> [Image-backed grounding data]:
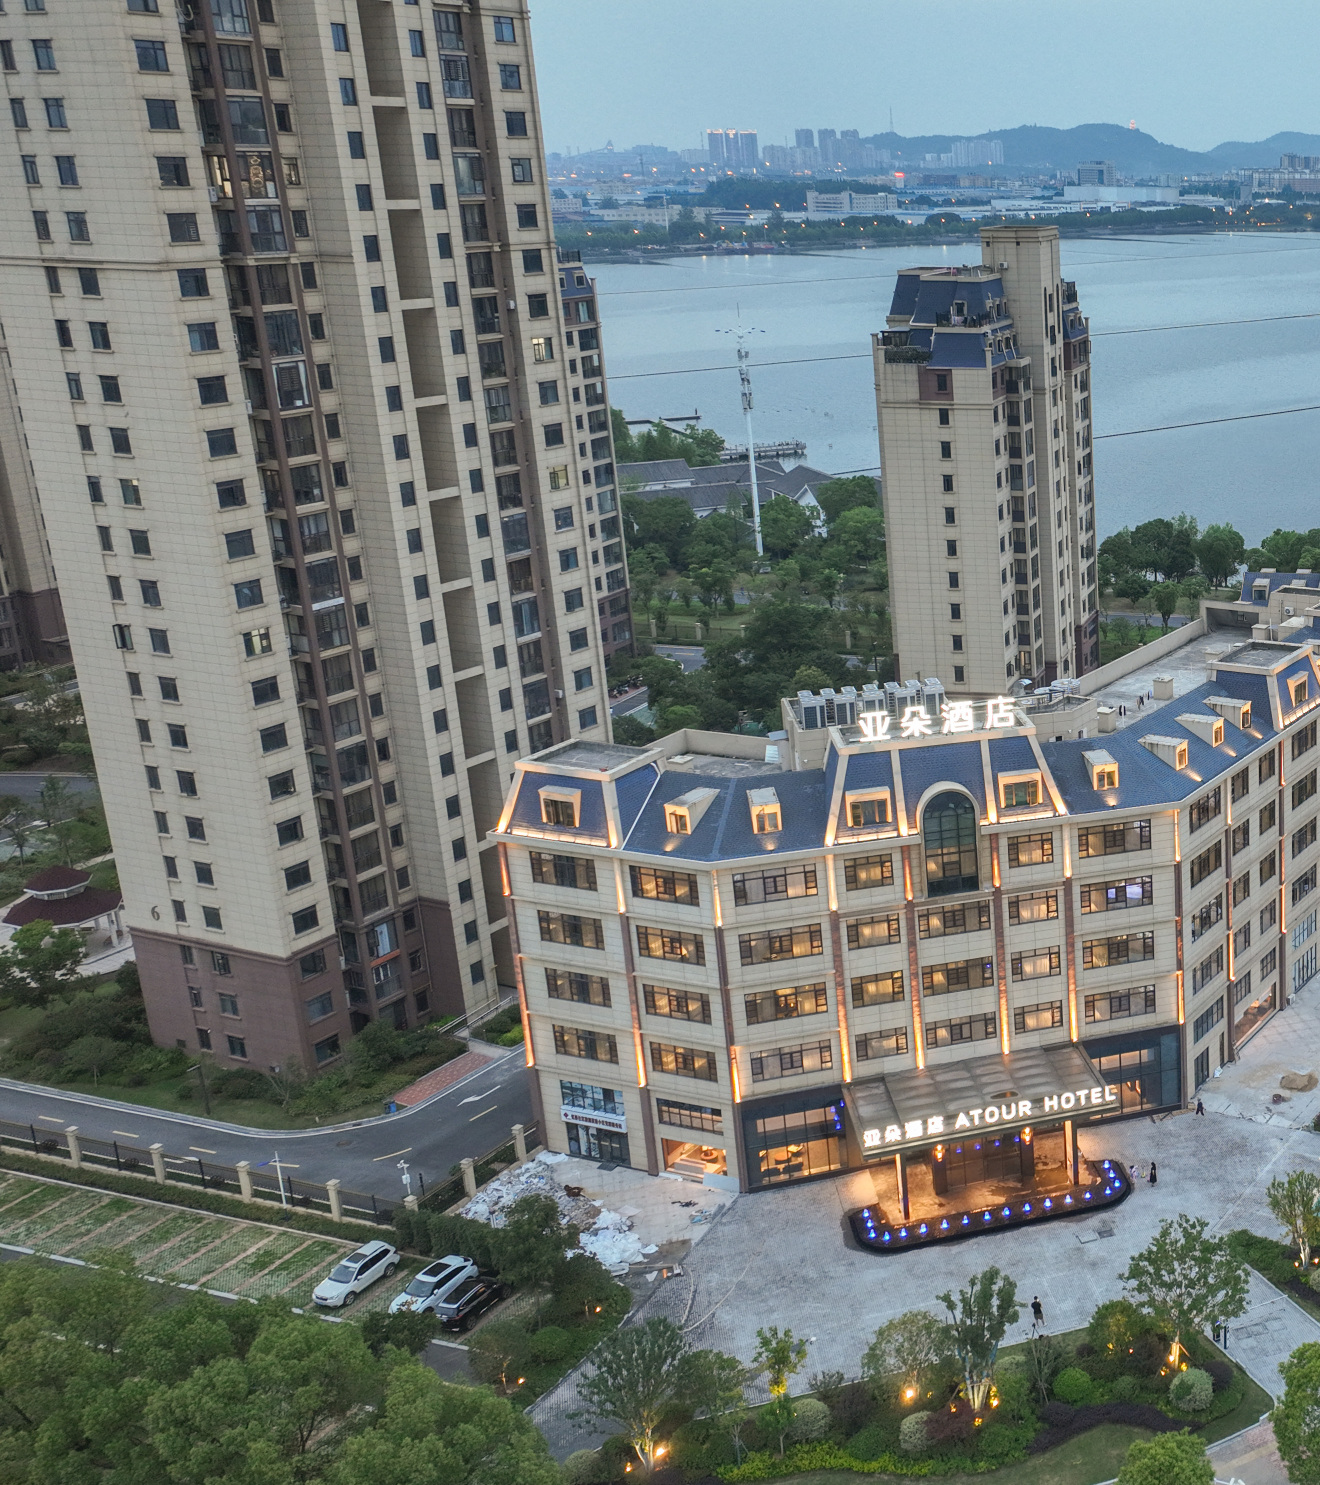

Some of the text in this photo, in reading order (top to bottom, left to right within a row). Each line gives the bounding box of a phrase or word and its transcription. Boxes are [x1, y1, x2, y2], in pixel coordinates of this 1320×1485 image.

[858, 695, 1015, 742] 亚朵酒店
[150, 905, 160, 921] 6
[863, 1086, 1117, 1148] 亚朵酒店 ATOUR HOTEL
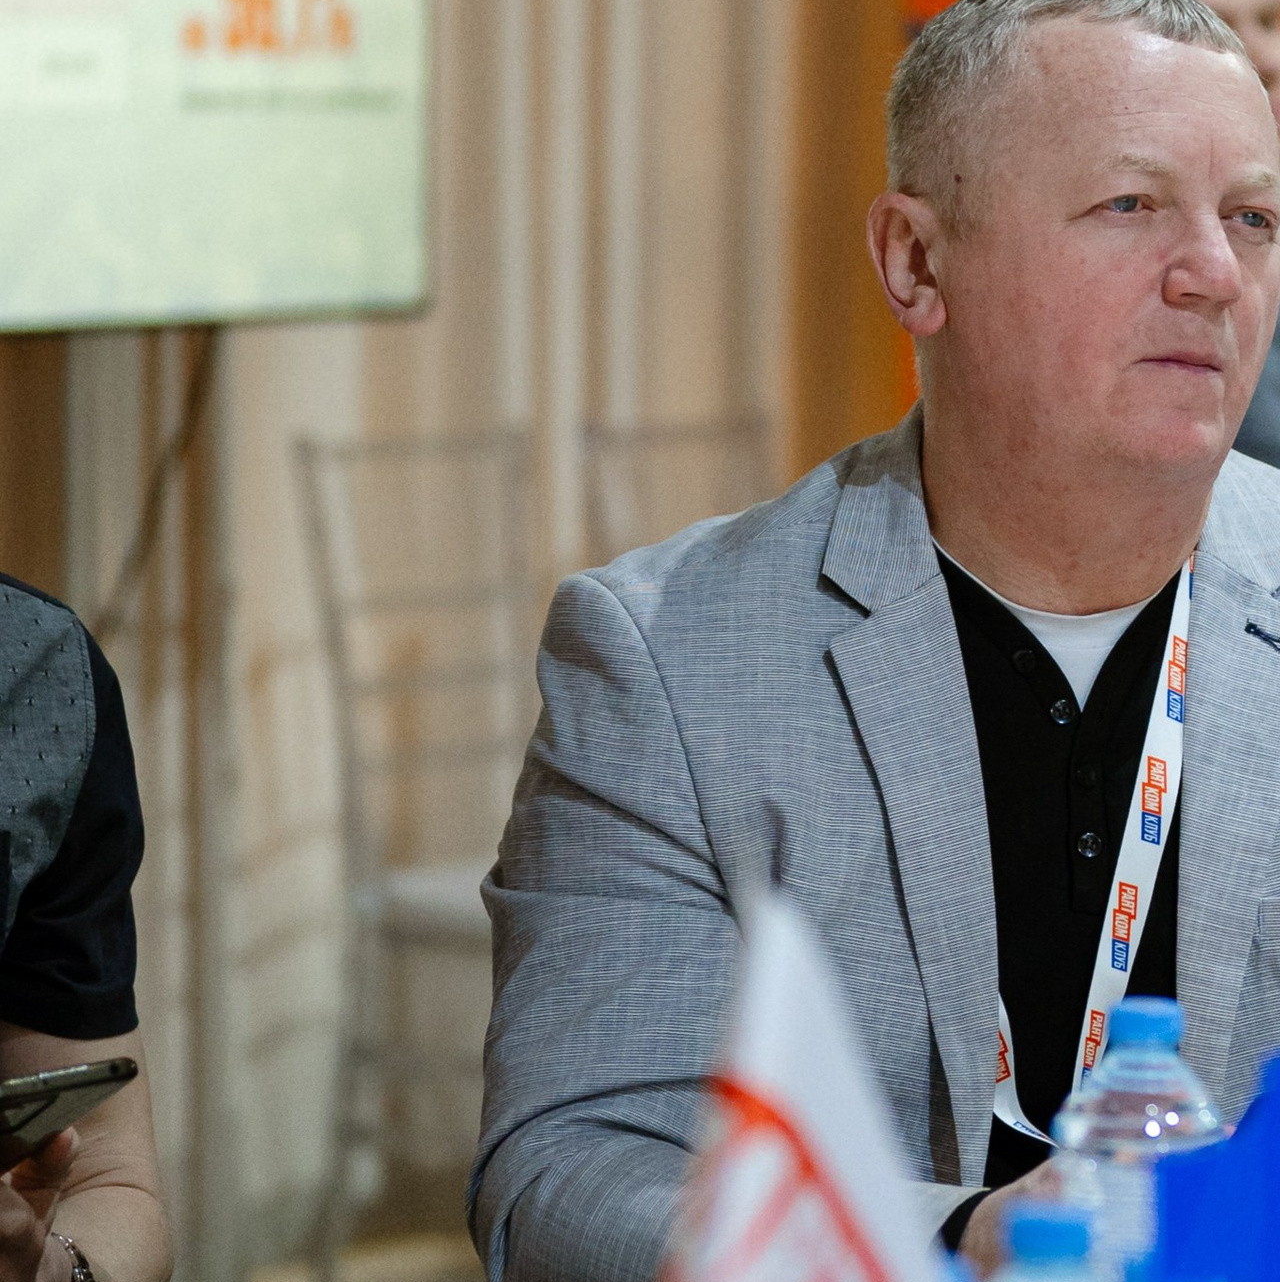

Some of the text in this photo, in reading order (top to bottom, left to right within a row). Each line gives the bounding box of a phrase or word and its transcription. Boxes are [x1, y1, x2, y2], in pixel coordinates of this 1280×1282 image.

[1169, 664, 1182, 691] KOM
[1169, 691, 1182, 721] КЛУБ
[1144, 759, 1165, 843] PART KOM КЛУБ
[1113, 885, 1136, 970] PART KOM КЛУБ
[1091, 1013, 1104, 1043] PART
[1084, 1040, 1097, 1066] KOM

> [WORK INSTRUCTIONS]: Print exactly the stretch of lines beginning with the one that holds "this 1280×1282 image." and ending at the last line above.

> [WRITTEN ANSWER]:
Some of the text in this photo, in reading order (top to bottom, left to right within a row). Each line gives the bounding box of a phrase or word and its transcription. Boxes are [x1, y1, x2, y2], in pixel coordinates of this 1280×1282 image.

[1169, 664, 1182, 691] KOM
[1169, 691, 1182, 721] КЛУБ
[1144, 759, 1165, 843] PART KOM КЛУБ
[1113, 885, 1136, 970] PART KOM КЛУБ
[1091, 1013, 1104, 1043] PART
[1084, 1040, 1097, 1066] KOM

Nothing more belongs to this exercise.